Your task
Without including any pictures, copy every line below exactly.

[Data in this exercise]

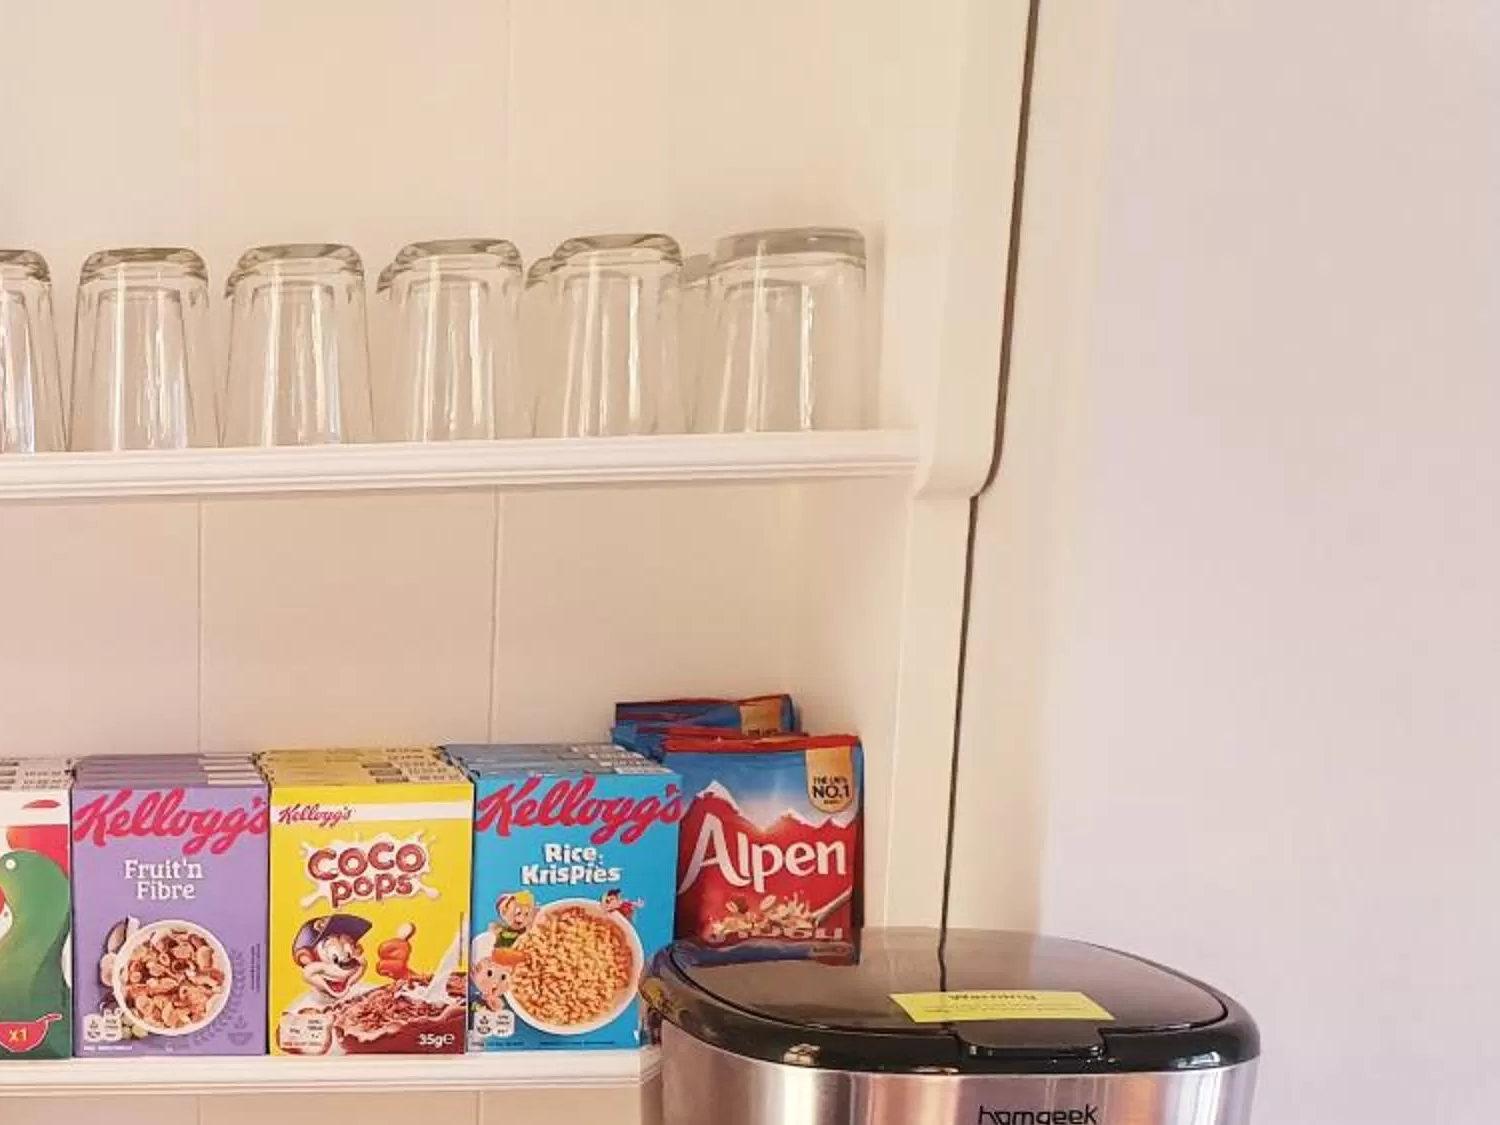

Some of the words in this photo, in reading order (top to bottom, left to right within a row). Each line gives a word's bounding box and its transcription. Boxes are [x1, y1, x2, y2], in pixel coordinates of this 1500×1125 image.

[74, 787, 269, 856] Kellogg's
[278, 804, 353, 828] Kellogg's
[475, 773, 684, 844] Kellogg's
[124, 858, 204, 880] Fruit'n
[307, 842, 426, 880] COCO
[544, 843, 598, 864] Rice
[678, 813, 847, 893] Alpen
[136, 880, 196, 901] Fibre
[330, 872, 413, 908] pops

[/Data in this exercise]

Solution for this exercise
Some of the words in this photo, in reading order (top to bottom, left to right within a row). Each line gives a word's bounding box and its transcription. Boxes are [x1, y1, x2, y2], in pixel coordinates of this 1500×1125 image.

[74, 787, 269, 856] Kellogg's
[278, 804, 353, 828] Kellogg's
[475, 773, 684, 844] Kellogg's
[124, 858, 204, 880] Fruit'n
[307, 842, 426, 880] COCO
[544, 843, 598, 864] Rice
[678, 813, 847, 893] Alpen
[136, 880, 196, 901] Fibre
[330, 872, 413, 908] pops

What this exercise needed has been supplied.